- Theatrical release poster
- Directed by: Prashant Raj
- Written by: Prashant Raj
- Produced by: Naveen Raj
- Starring: Santhanam; Tanya Hope;
- Cinematography: Sudhakar S. Raj
- Edited by: Nagooran Ramachandran
- Music by: Arjun Janya
- Production company: Fortune Films
- Release date: 1 September 2023;
- Country: India
- Language: Tamil

= Kick (2023 film) =

Kick is a 2023 Indian Tamil-language romantic comedy film written and directed by Prashant Raj. It is produced by Naveen Raj under the production banner Fortune Films. A remake of the director's Kannada film Zoom (2016) which itself is a remake of Lover Come Back (1961), the film stars Santhanam and Tanya Hope in the lead roles, Ragini Dwivedi, Brahmanandam, Mansoor Ali Khan, Senthil, Thambi Ramaiah, Kovai Sarala, and Manobala in supporting roles.

The film was announced in January 2022 under the tentative title Santa15, while the official title Kick was revealed in August. Principal photography commenced in April 2022, and wrapped in July. The music is composed by Arjun Janya, while the cinematography and editing are handled by Sudhakar S. Raj and Nagooran Ramachandran, respectively.
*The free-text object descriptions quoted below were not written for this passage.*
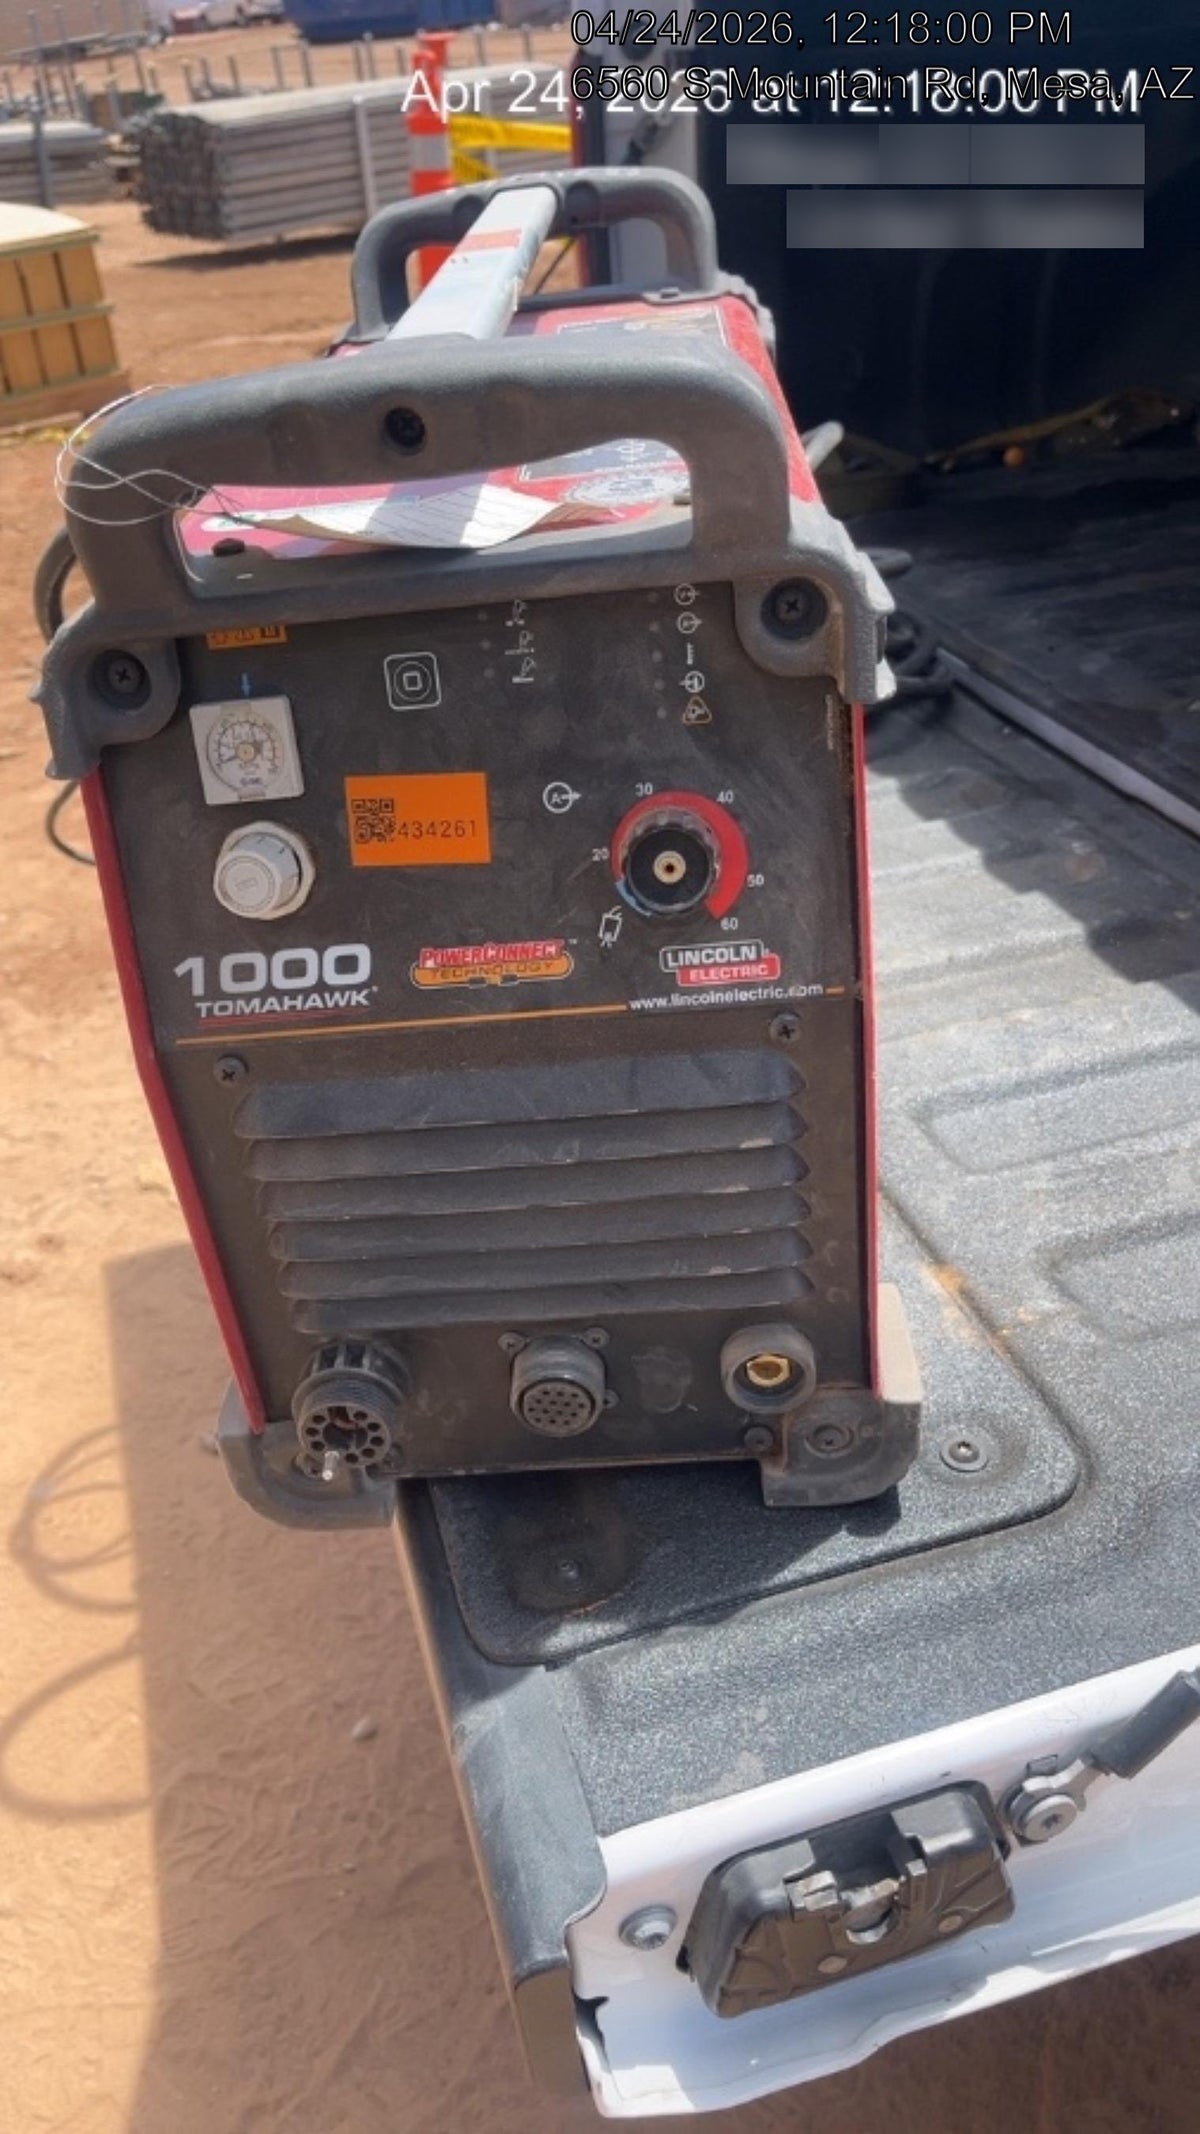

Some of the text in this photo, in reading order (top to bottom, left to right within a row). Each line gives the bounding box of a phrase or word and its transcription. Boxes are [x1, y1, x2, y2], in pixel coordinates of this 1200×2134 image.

[635, 783, 653, 796] 30
[717, 789, 734, 804] 40
[397, 819, 477, 840] 434261
[592, 848, 609, 861] 20
[747, 873, 765, 888] 50
[721, 916, 738, 931] 60
[666, 945, 758, 967] LINCOLN
[173, 943, 371, 996] 1000
[689, 964, 768, 982] ELECTRIC
[196, 988, 370, 1019] TOMAHAWK
[630, 984, 823, 1009] www.lincolnelectric.com
The film was released theatrically on 1 September 2023 and received negative reviews from critics.

== Production ==

=== Development ===
On 20 January 2022, Sandalwood director Prashant Raj, via Twitter, said that he was doing a Tamil film for the first time starring Santhanam in the lead role. He further said that the film was produced by Naveen Raj under Fortune Films. Tanya Hope, in March, announced her commitments to the film as the lead female role. A muhurat puja was held on 22 April in Chennai. On 31 August, coinciding with Ganesh Chaturthi, the official title Kick was revealed.

=== Filming ===
Principal photography commenced on 22 April 2022, with the first schedule in Bangalore. A song sequence was shot at the start of the schedule. The film was shot in Chennai, Bangkok and London before the principal photography wrapped in July.

== Music ==

The music is composed by Arjun Janya, in his Tamil debut. The film marks his first collaboration with both Prashant and Santhanam.
- "Saturday is Cominguu" - Santhanam (lyrics by Viveka)
- "Kannamma" - Anthony Daasan (lyrics by Gana Bala)
- "Kick Theme" - Instrumental
- "Pathu Murai" - Armaan Malik, Saindhavi (lyrics by Vivek)
- "Gilma" - Jonita Gandhi, Arjun Janya (lyrics by Viveka)

== Release ==

=== Theatrical ===
Kick was released on 1 September 2023, clashing with Amitash's Paramporul, Samantha's Kushi and Hamaresh's Rangoli.

== Reception ==
A Srinivasa Ramanujam of The Hindu stated that "Santhanam’s film is yawn-inducing and terrible". Avinash Ramachandran of Cinema Express gave 1 star out of 5 and noted that "we see the cast and crew laughing their hearts out while filming Kick, one can’t help but think why didn’t these laughs translate onscreen, only to realise the actual joke was on us."